Problem requirements »
Output all of the records word for word and drop the images.

START Data extracts

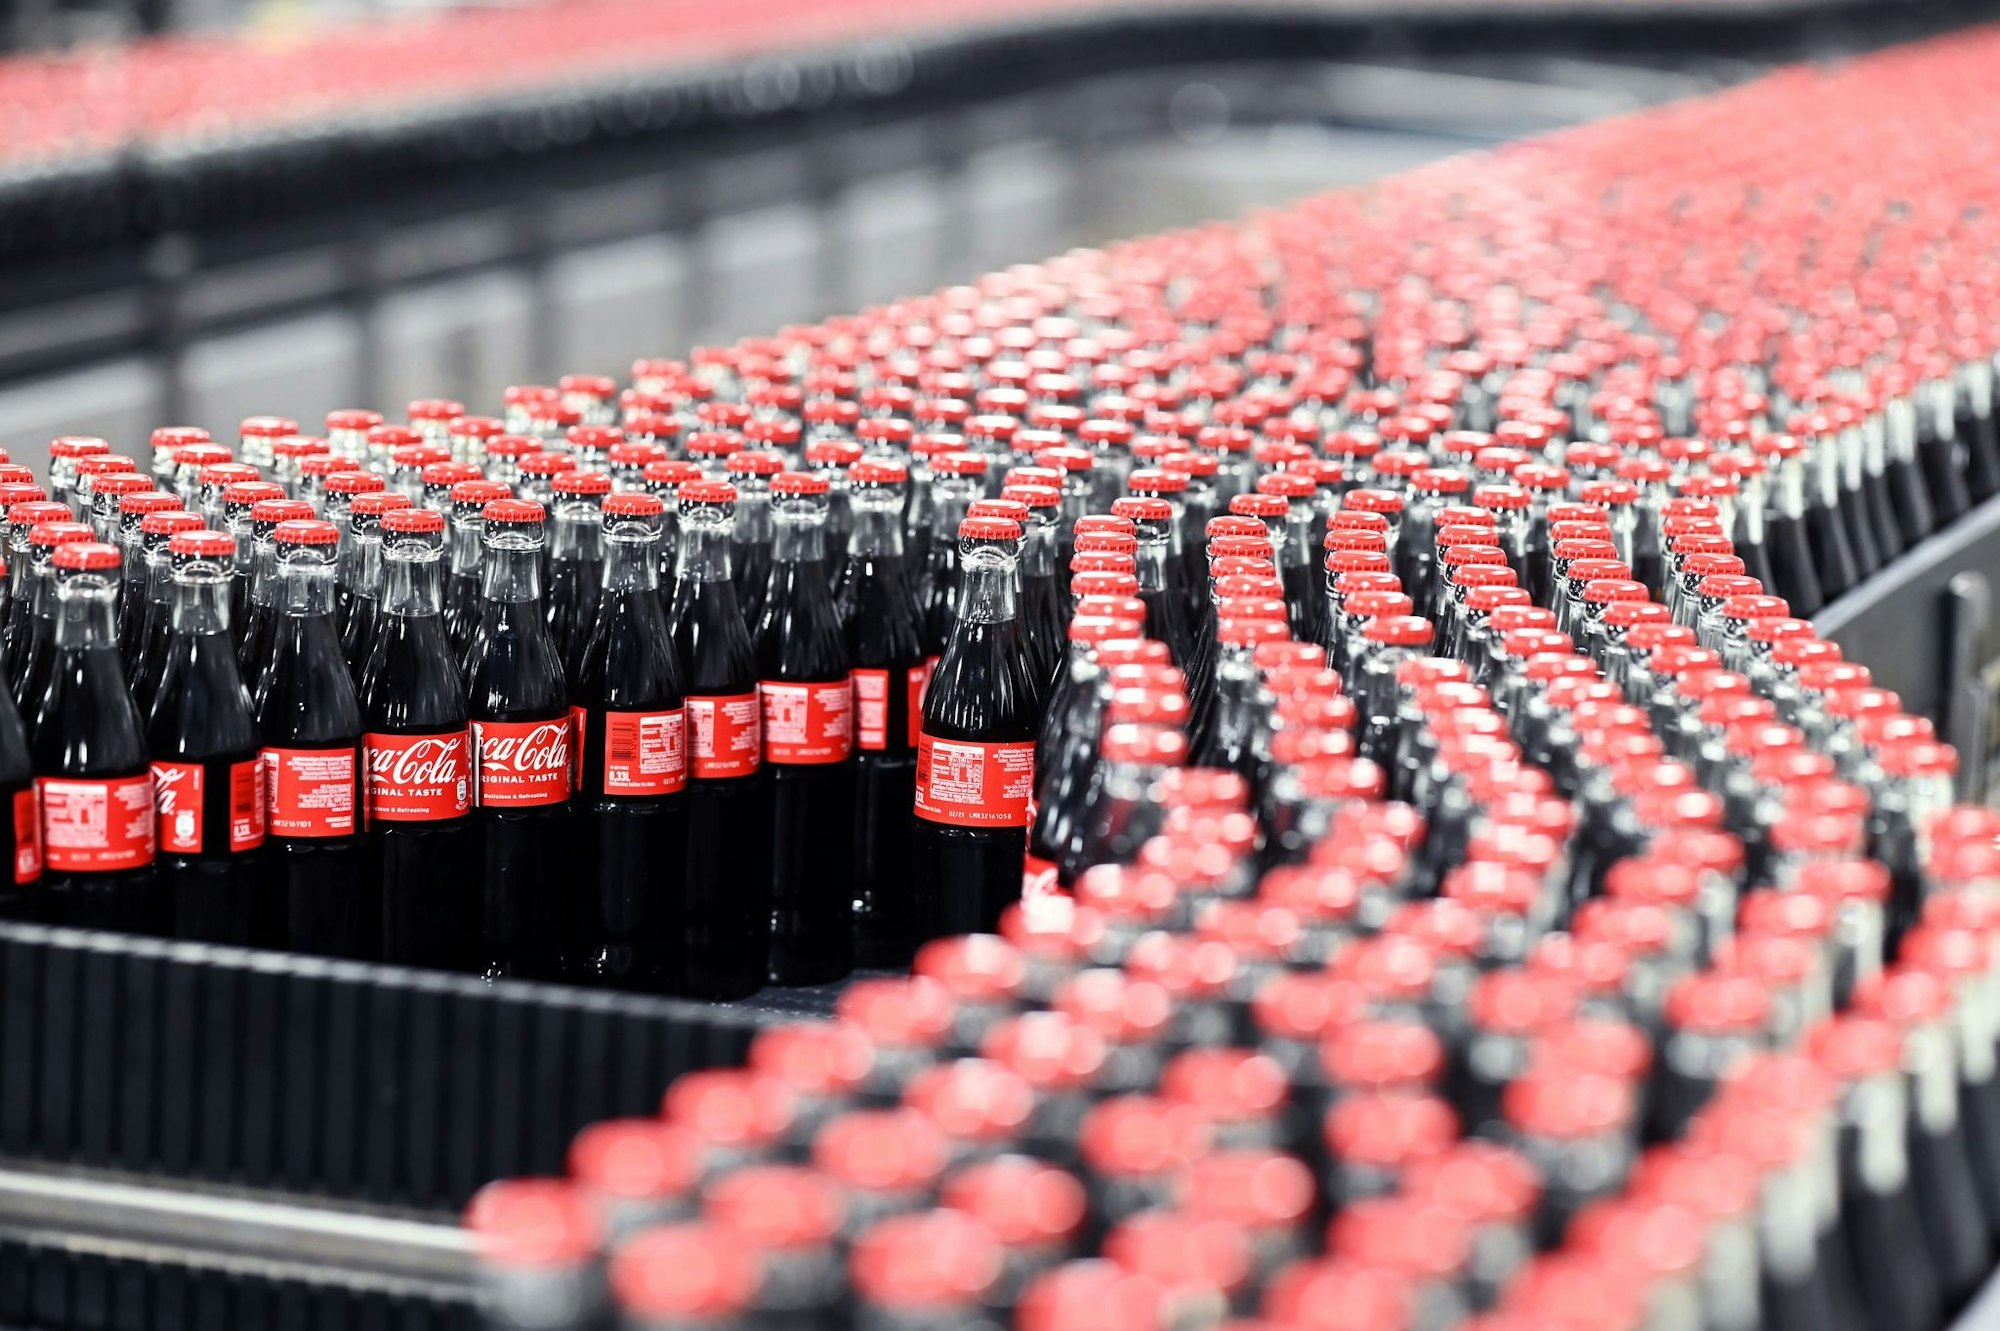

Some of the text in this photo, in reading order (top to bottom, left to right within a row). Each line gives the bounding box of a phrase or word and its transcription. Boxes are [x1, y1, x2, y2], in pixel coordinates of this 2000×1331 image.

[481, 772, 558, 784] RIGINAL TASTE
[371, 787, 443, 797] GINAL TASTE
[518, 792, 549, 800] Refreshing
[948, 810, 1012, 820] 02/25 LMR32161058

END Data extracts

Answer to this exercise »
Some of the text in this photo, in reading order (top to bottom, left to right within a row). Each line gives the bounding box of a phrase or word and its transcription. Boxes are [x1, y1, x2, y2], in pixel coordinates of this 2000×1331 image.

[481, 772, 558, 784] RIGINAL TASTE
[371, 787, 443, 797] GINAL TASTE
[518, 792, 549, 800] Refreshing
[948, 810, 1012, 820] 02/25 LMR32161058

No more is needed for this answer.